(Beginning of RECORDS FOR THE EXERCISE)

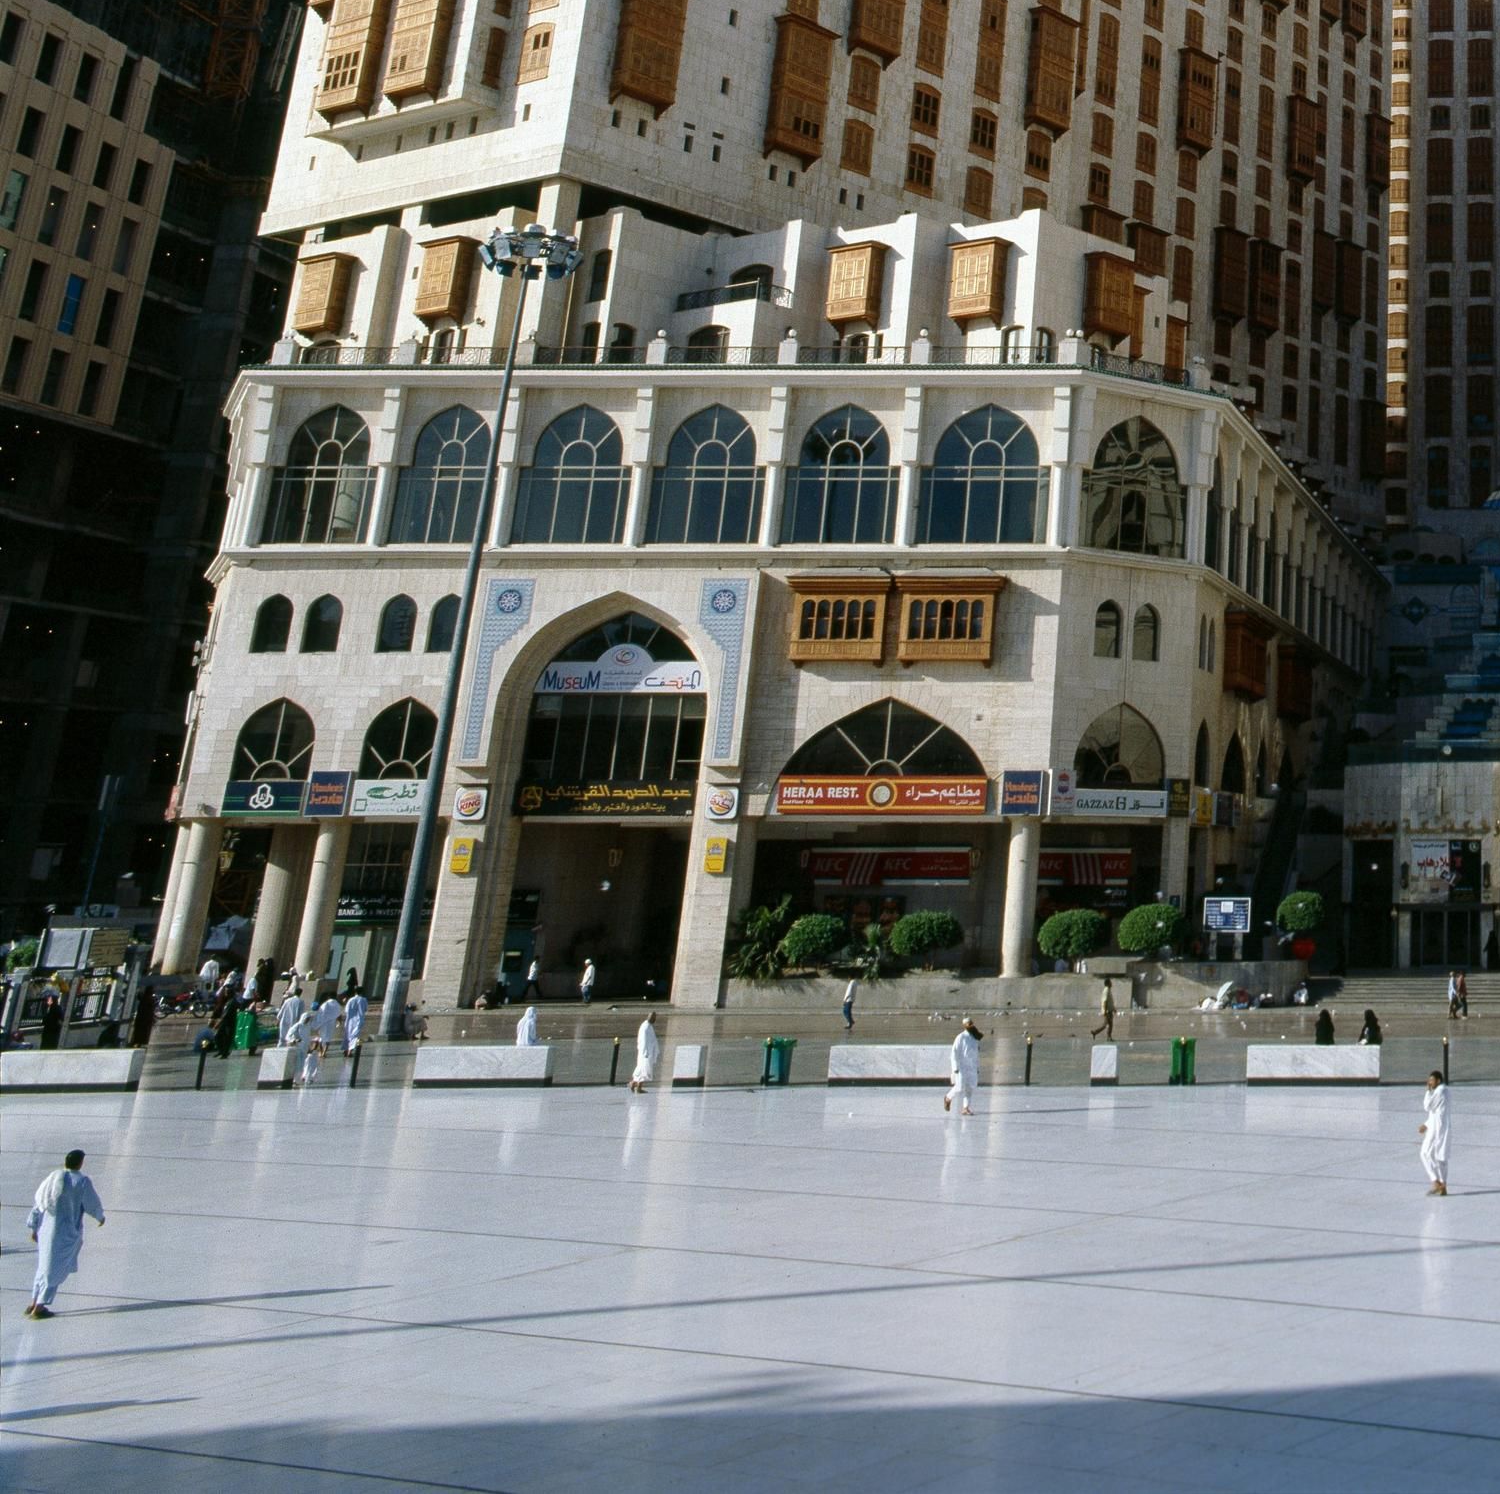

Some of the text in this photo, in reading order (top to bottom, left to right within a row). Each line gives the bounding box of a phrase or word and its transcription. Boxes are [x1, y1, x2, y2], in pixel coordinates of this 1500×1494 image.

[782, 786, 860, 799] HERAA REST.
[905, 785, 981, 801] مطاعم حراء
[459, 799, 481, 810] KING
[1076, 799, 1115, 810] GAZZAZ
[814, 858, 845, 872] KFC
[882, 858, 912, 871] KFC
[1039, 859, 1064, 870] KFC
[1104, 859, 1127, 870] KFC

(End of RECORDS FOR THE EXERCISE)

**EXERCISE PROMPT**
Write out every entry exactly. Pictures do not belong in the copy.

**ANSWER TO THE PROBLEM**
Some of the text in this photo, in reading order (top to bottom, left to right within a row). Each line gives the bounding box of a phrase or word and its transcription. Boxes are [x1, y1, x2, y2], in pixel coordinates of this 1500×1494 image.

[782, 786, 860, 799] HERAA REST.
[905, 785, 981, 801] مطاعم حراء
[459, 799, 481, 810] KING
[1076, 799, 1115, 810] GAZZAZ
[814, 858, 845, 872] KFC
[882, 858, 912, 871] KFC
[1039, 859, 1064, 870] KFC
[1104, 859, 1127, 870] KFC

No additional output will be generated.